You Should Be Cooking Your French Dips In Dark Beer

The ideal French dip sandwich is a satisfying whirl of textures and flavors. The meat melts in your mouth, the roll is moist and chewy, and once you take a bite, the savory explosion creates an unforgettable experience. However, adding one simple element to your recipe can make the dish even better.

When you include beer, you benefit in two very different ways. First, the beer adds a unique taste that you can't really get from any other ingredient. It infuses your food with an earthy element that provides an intriguing depth to the flavor profile. Secondly, alcohol is an exceptional tenderizer for meat. Collagen is a protein that forms the connective tissue that keeps muscles strong and resilient. Beer contains alpha acids, which help break down collagen. By adding beer to your French dip recipe, the muscle tissue can no longer hold together, resulting in a highly desirable melt-in-your-mouth quality.

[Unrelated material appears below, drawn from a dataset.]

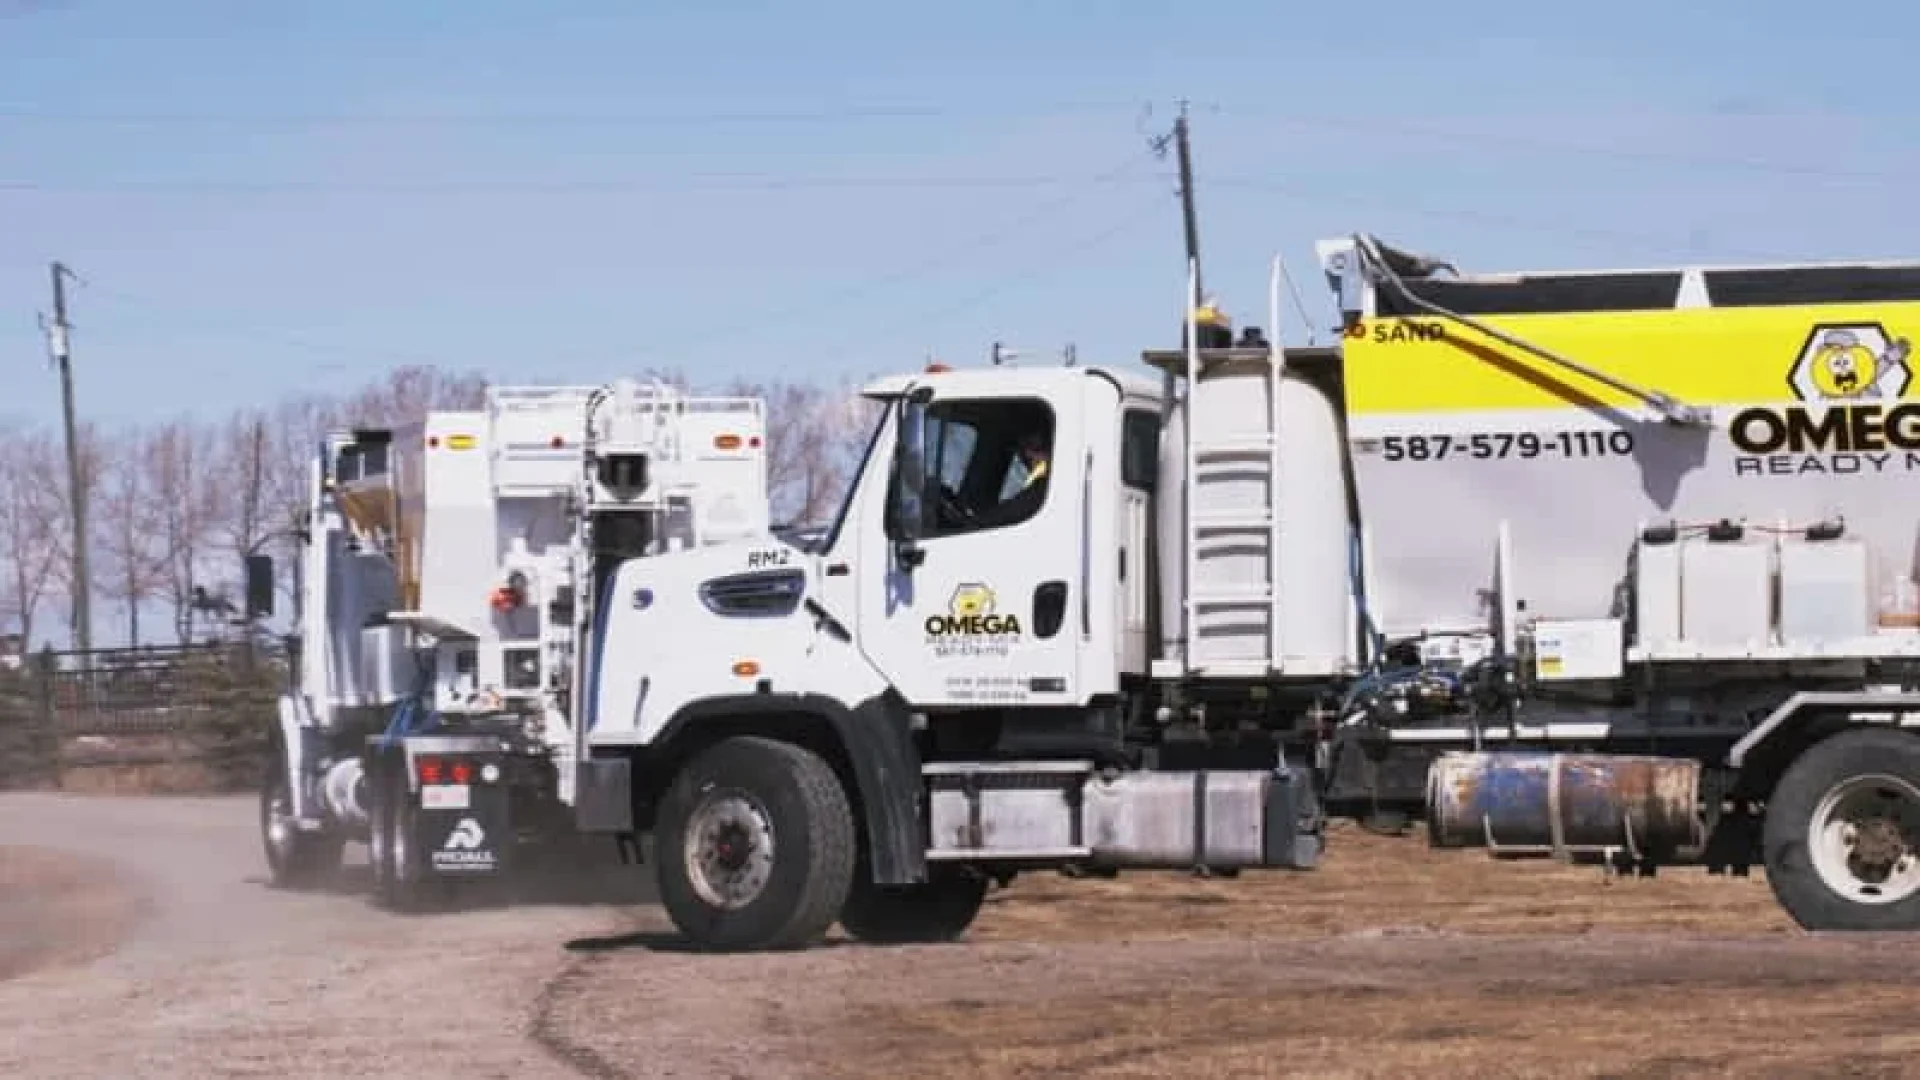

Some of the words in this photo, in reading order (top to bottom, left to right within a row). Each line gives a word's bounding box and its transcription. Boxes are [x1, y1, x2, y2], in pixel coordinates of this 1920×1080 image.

Why dark beer makes such a difference

If you aren't a beer connoisseur, you might not be aware of the vastly different flavor nuances the beverage offers. While all beers are either categorized as ales or lagers, there are over 100 different beer styles made around the world. There are seasonal brews, fruity brews, lighter brews, darker brews, and more.

Consequently, as an ingredient, each type of beer will add its own characteristics to a dish. For instance, a pilsner might be best for cooking sausage, but German wheat beer is best for bread. That means the beer you add to your dessert won't be the same one you add to your French dip recipe.

When it comes to cooking meat, especially if the juices will be used for dipping (like a French dip), a dark beer is your best bet. A stout adds a rich, flavorful depth to the jus, which gives your recipe an added dimension to make it a true winner.